• [Work instruction]: An exact copy of the listing below is required.

• [Material for the task]:
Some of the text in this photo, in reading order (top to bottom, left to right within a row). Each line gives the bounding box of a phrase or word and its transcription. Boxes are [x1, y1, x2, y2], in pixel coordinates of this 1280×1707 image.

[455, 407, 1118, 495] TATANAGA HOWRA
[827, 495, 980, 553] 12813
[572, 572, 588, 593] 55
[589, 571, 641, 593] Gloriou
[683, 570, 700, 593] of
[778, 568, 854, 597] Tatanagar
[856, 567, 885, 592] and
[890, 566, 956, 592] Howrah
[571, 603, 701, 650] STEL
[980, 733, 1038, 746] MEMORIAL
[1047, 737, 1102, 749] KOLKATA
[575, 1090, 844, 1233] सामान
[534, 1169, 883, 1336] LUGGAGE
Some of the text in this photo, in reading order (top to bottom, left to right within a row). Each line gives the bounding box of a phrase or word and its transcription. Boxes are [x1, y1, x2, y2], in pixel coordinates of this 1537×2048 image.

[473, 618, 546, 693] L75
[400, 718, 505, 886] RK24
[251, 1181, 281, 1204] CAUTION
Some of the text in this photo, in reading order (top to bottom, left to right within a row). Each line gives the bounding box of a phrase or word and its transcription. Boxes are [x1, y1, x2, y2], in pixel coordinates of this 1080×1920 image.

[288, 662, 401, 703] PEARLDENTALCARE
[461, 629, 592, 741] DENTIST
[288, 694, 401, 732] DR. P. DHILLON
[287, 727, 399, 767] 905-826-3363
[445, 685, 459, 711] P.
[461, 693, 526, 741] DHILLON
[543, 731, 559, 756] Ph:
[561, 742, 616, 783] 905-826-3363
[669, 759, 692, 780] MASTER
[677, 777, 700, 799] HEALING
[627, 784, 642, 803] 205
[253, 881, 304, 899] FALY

• [Output for this exercise]:
Some of the text in this photo, in reading order (top to bottom, left to right within a row). Each line gives the bounding box of a phrase or word and its transcription. Boxes are [x1, y1, x2, y2], in pixel coordinates of this 1280×1707 image.

[455, 407, 1118, 495] TATANAGA HOWRA
[827, 495, 980, 553] 12813
[572, 572, 588, 593] 55
[589, 571, 641, 593] Gloriou
[683, 570, 700, 593] of
[778, 568, 854, 597] Tatanagar
[856, 567, 885, 592] and
[890, 566, 956, 592] Howrah
[571, 603, 701, 650] STEL
[980, 733, 1038, 746] MEMORIAL
[1047, 737, 1102, 749] KOLKATA
[575, 1090, 844, 1233] सामान
[534, 1169, 883, 1336] LUGGAGE
Some of the text in this photo, in reading order (top to bottom, left to right within a row). Each line gives the bounding box of a phrase or word and its transcription. Boxes are [x1, y1, x2, y2], in pixel coordinates of this 1537×2048 image.

[473, 618, 546, 693] L75
[400, 718, 505, 886] RK24
[251, 1181, 281, 1204] CAUTION
Some of the text in this photo, in reading order (top to bottom, left to right within a row). Each line gives the bounding box of a phrase or word and its transcription. Boxes are [x1, y1, x2, y2], in pixel coordinates of this 1080×1920 image.

[288, 662, 401, 703] PEARLDENTALCARE
[461, 629, 592, 741] DENTIST
[288, 694, 401, 732] DR. P. DHILLON
[287, 727, 399, 767] 905-826-3363
[445, 685, 459, 711] P.
[461, 693, 526, 741] DHILLON
[543, 731, 559, 756] Ph:
[561, 742, 616, 783] 905-826-3363
[669, 759, 692, 780] MASTER
[677, 777, 700, 799] HEALING
[627, 784, 642, 803] 205
[253, 881, 304, 899] FALY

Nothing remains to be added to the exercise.